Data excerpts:
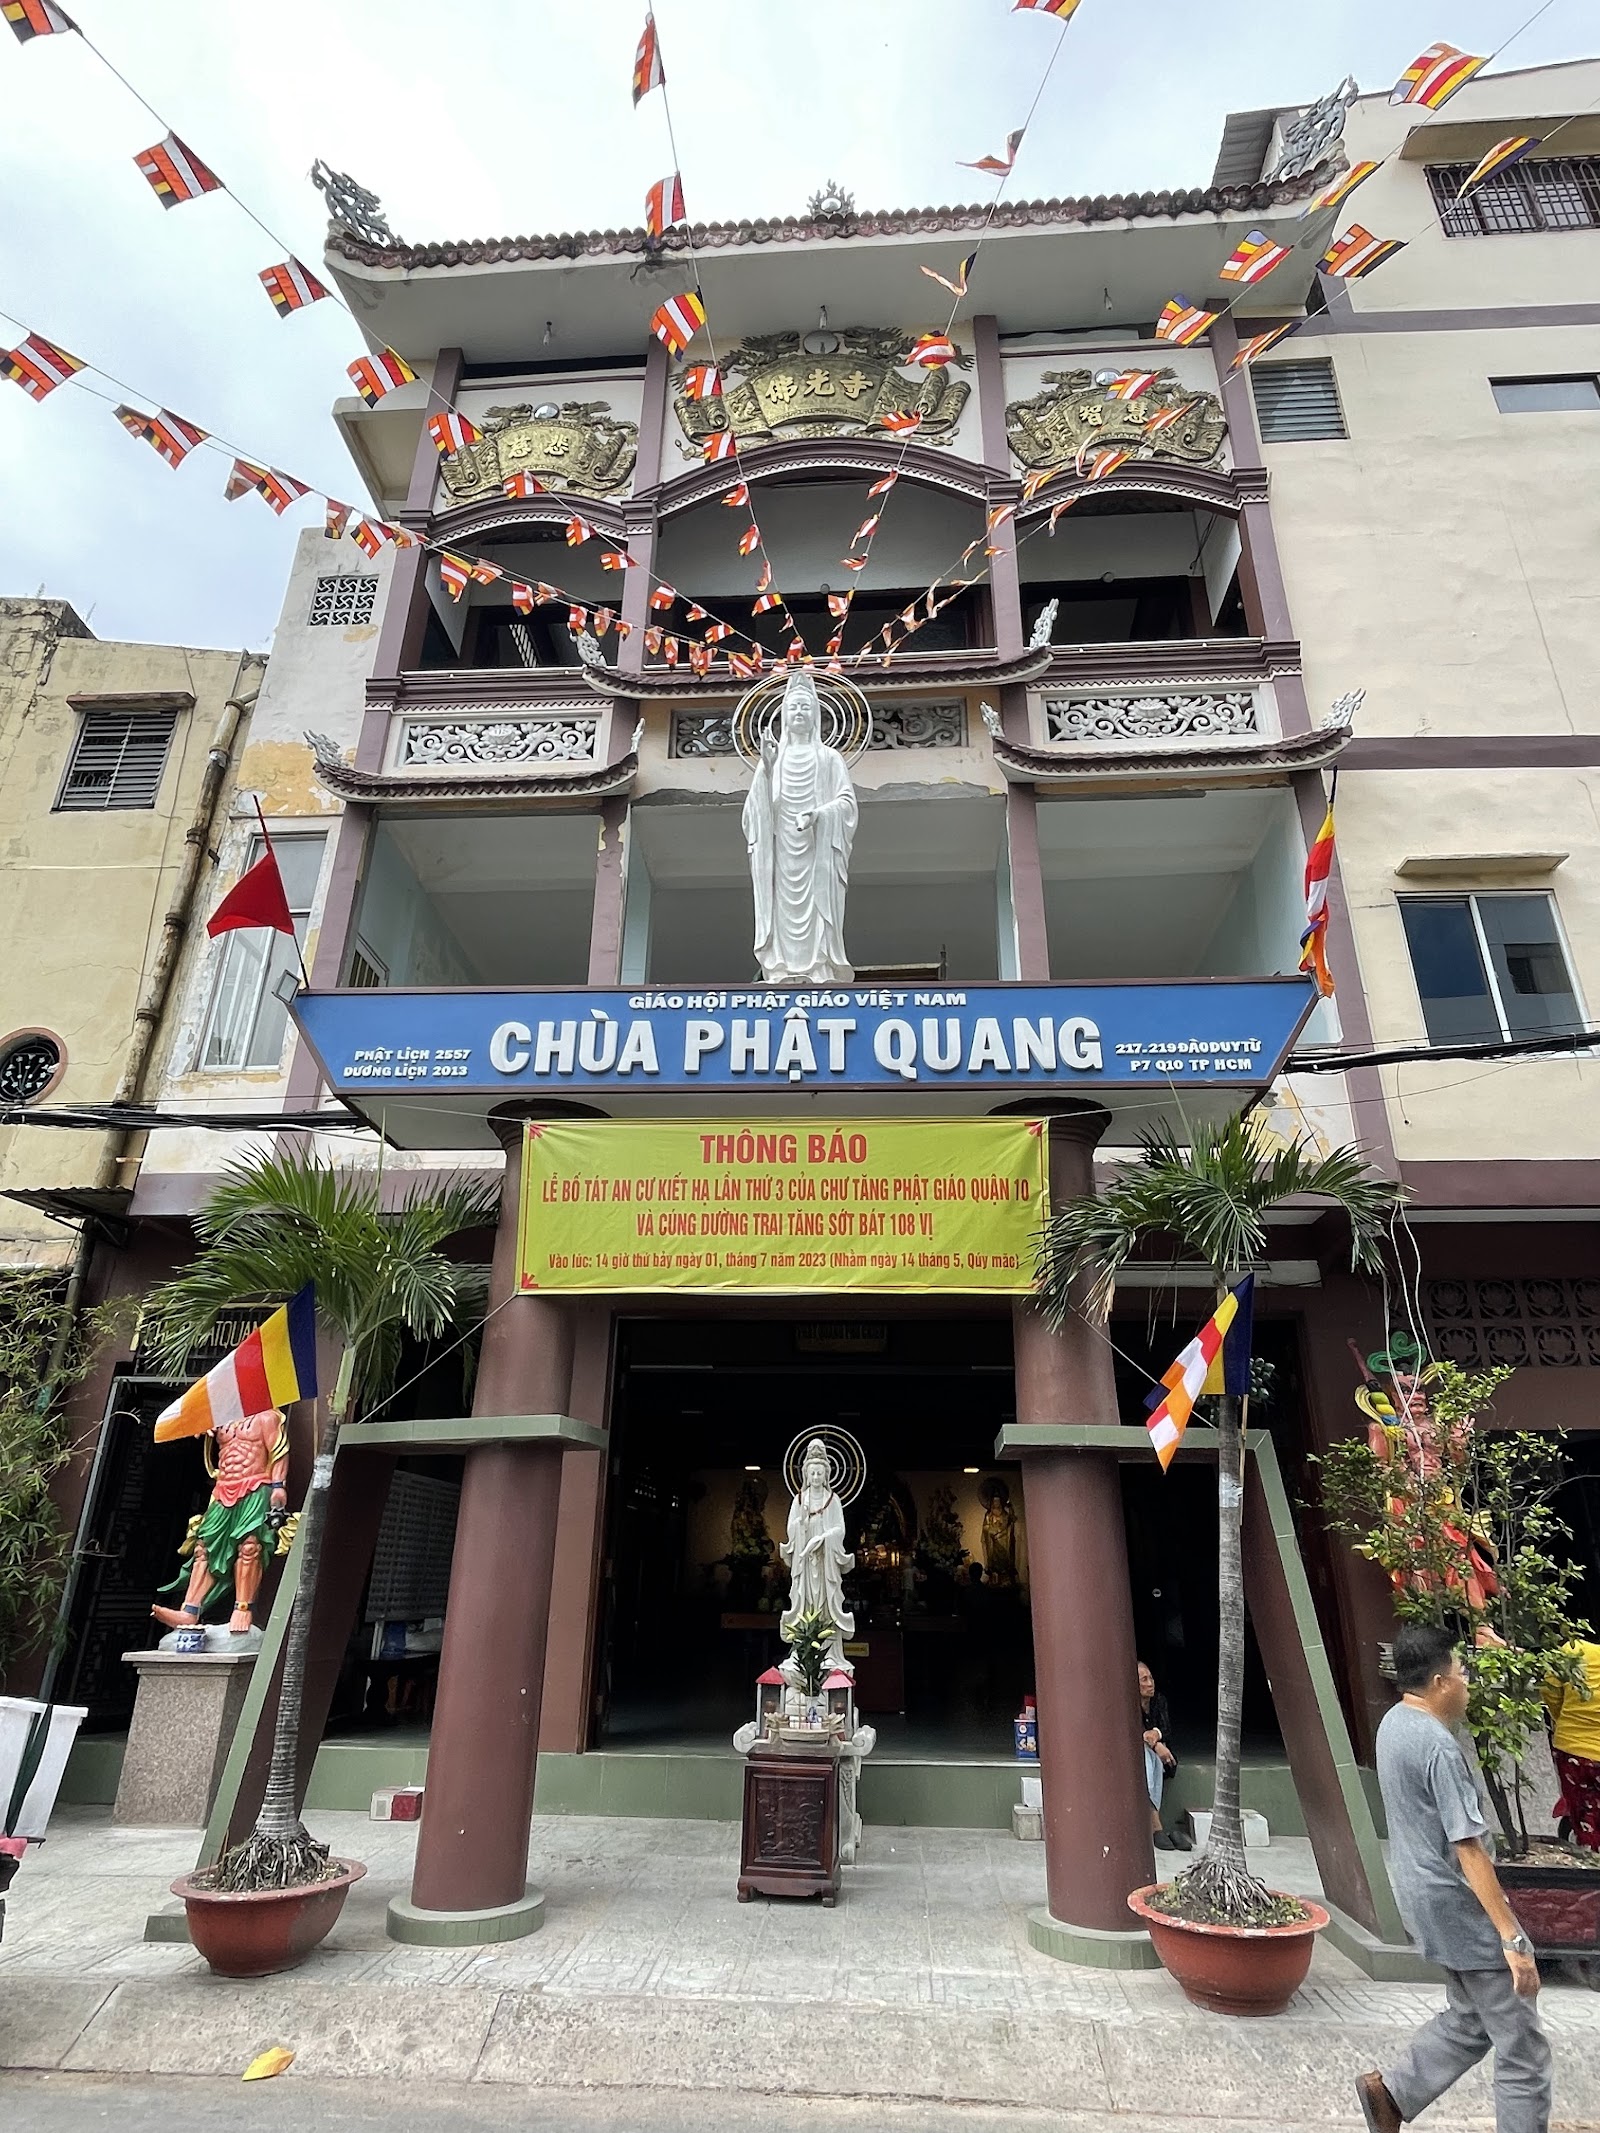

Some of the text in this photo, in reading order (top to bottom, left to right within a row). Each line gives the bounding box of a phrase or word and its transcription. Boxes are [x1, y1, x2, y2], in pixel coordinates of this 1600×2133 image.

[731, 991, 790, 1012] PHẬT
[914, 993, 966, 1006] NAM
[354, 1046, 394, 1064] PHẬT
[435, 1049, 472, 1060] 2557
[489, 1007, 1103, 1083] CHÙA PHẬT QUANG
[432, 1066, 468, 1077] 2013
[1130, 1058, 1252, 1072] P7 Q10 TP HCM
[700, 1128, 867, 1163] THÔNG BÁO
[543, 1171, 1030, 1206] LỄ BỐ TÁT AN CƯ KIẾT HẠ LẦN THỨ 3 CỦA CHƯ TĂNG PHẬT GIÁO QUẬN 10
[637, 1207, 933, 1241] VÀ CÚNG DƯỜNG TRAI TĂNG SỚT BÁT 108 VỊ
[549, 1252, 568, 1268] Vào
[572, 1252, 592, 1268] lúc:
[595, 1253, 608, 1267] 14
[612, 1252, 630, 1269] giờ
[632, 1252, 651, 1268] thứ
[653, 1250, 672, 1269] bảy
[675, 1251, 702, 1268] ngày
[705, 1252, 722, 1268] 01,
[726, 1252, 757, 1268] tháng
[760, 1252, 767, 1267] 7
[771, 1252, 795, 1267] năm
[798, 1252, 826, 1267] 2023
[870, 1252, 897, 1268] ngày
[901, 1252, 915, 1267] 14
[918, 1252, 950, 1269] tháng
[953, 1253, 964, 1269] 5,
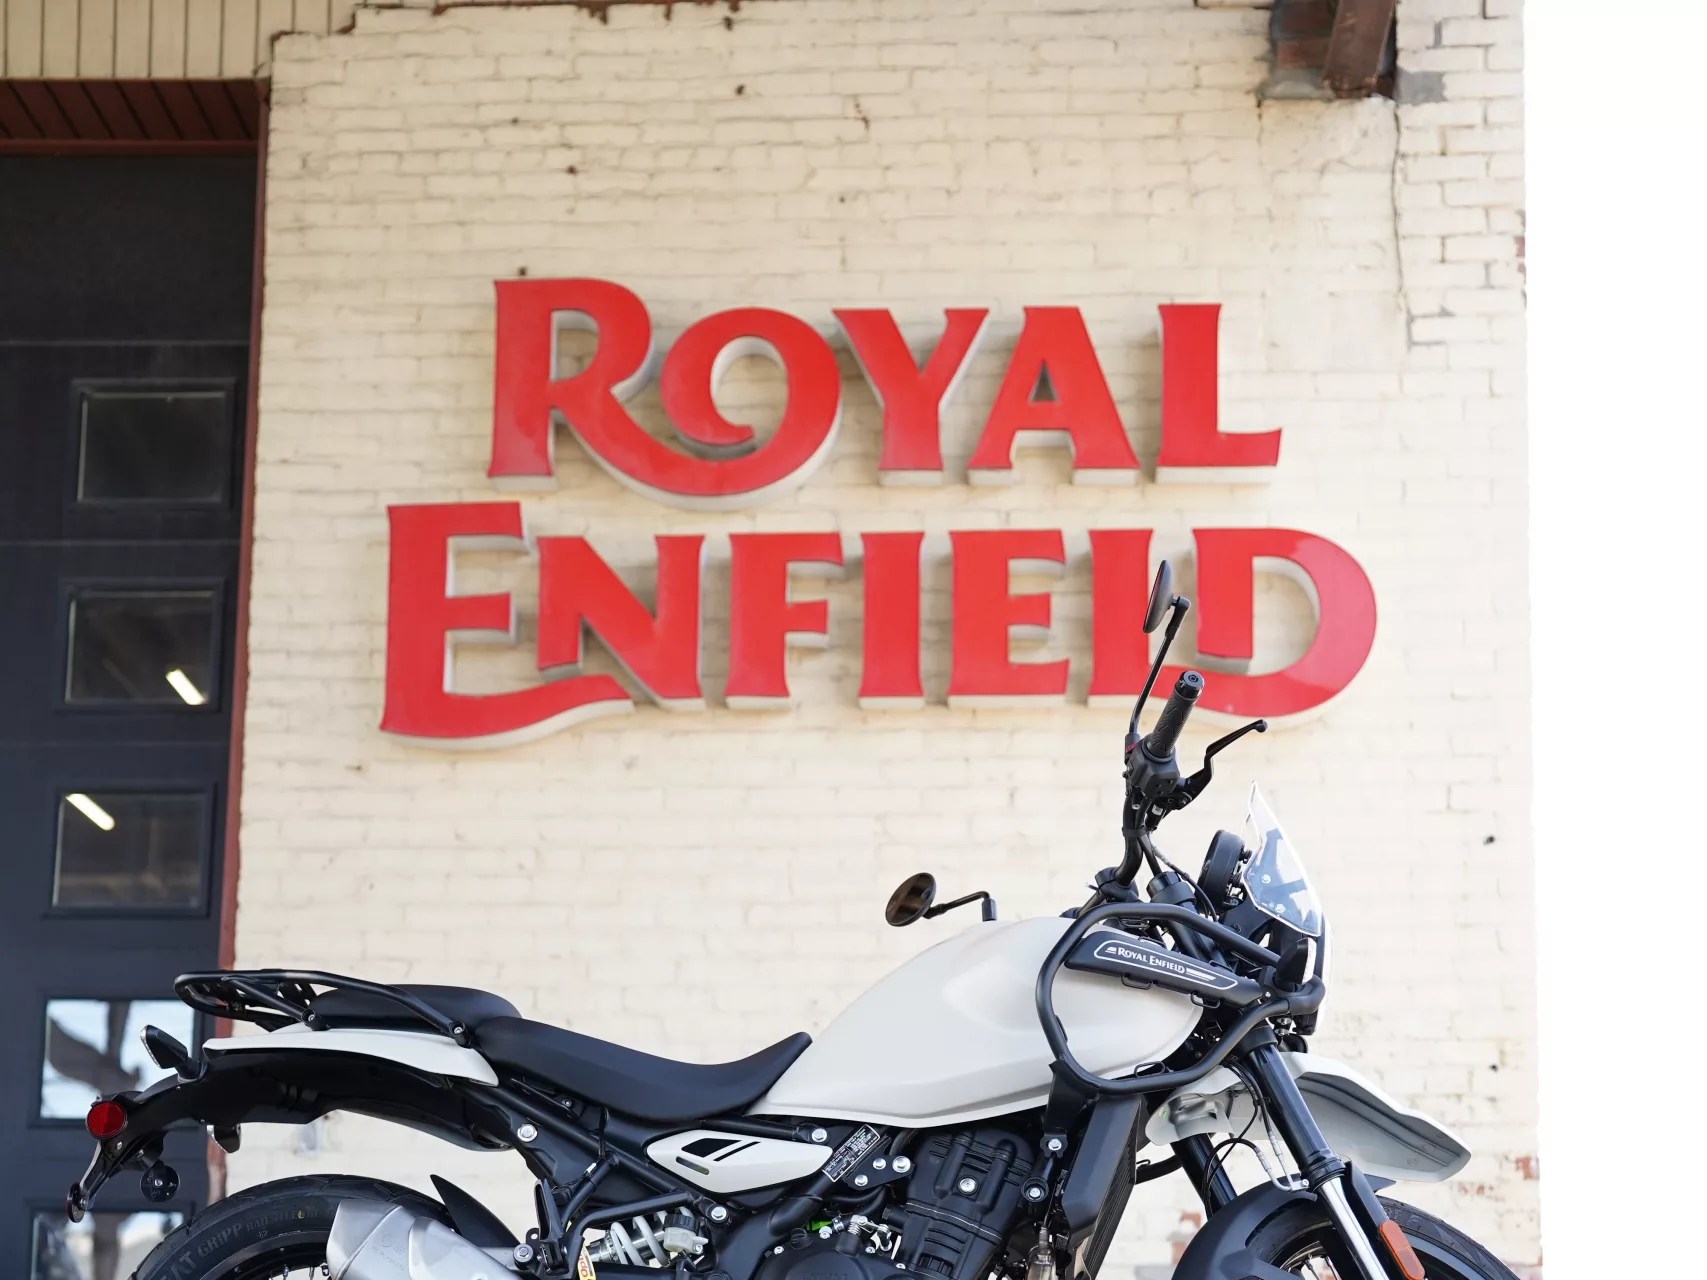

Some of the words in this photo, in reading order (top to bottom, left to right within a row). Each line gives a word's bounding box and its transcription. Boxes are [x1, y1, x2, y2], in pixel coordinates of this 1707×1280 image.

[487, 278, 1282, 498] ROYAL
[380, 501, 1378, 739] ENFIELD
[1117, 946, 1147, 962] ROYAL
[1149, 956, 1186, 974] ENFIELD

• **Problem**: Exclude the pictures, then retype every record exactly.

• **Reply to the exercise**:
Some of the text in this photo, in reading order (top to bottom, left to right within a row). Each line gives the bounding box of a phrase or word and its transcription. Boxes are [x1, y1, x2, y2], in pixel coordinates of this 1600×2133 image.

[731, 991, 790, 1012] PHẬT
[914, 993, 966, 1006] NAM
[354, 1046, 394, 1064] PHẬT
[435, 1049, 472, 1060] 2557
[489, 1007, 1103, 1083] CHÙA PHẬT QUANG
[432, 1066, 468, 1077] 2013
[1130, 1058, 1252, 1072] P7 Q10 TP HCM
[700, 1128, 867, 1163] THÔNG BÁO
[543, 1171, 1030, 1206] LỄ BỐ TÁT AN CƯ KIẾT HẠ LẦN THỨ 3 CỦA CHƯ TĂNG PHẬT GIÁO QUẬN 10
[637, 1207, 933, 1241] VÀ CÚNG DƯỜNG TRAI TĂNG SỚT BÁT 108 VỊ
[549, 1252, 568, 1268] Vào
[572, 1252, 592, 1268] lúc:
[595, 1253, 608, 1267] 14
[612, 1252, 630, 1269] giờ
[632, 1252, 651, 1268] thứ
[653, 1250, 672, 1269] bảy
[675, 1251, 702, 1268] ngày
[705, 1252, 722, 1268] 01,
[726, 1252, 757, 1268] tháng
[760, 1252, 767, 1267] 7
[771, 1252, 795, 1267] năm
[798, 1252, 826, 1267] 2023
[870, 1252, 897, 1268] ngày
[901, 1252, 915, 1267] 14
[918, 1252, 950, 1269] tháng
[953, 1253, 964, 1269] 5,

Some of the words in this photo, in reading order (top to bottom, left to right within a row). Each line gives a word's bounding box and its transcription. Boxes are [x1, y1, x2, y2], in pixel coordinates of this 1707×1280 image.

[487, 278, 1282, 498] ROYAL
[380, 501, 1378, 739] ENFIELD
[1117, 946, 1147, 962] ROYAL
[1149, 956, 1186, 974] ENFIELD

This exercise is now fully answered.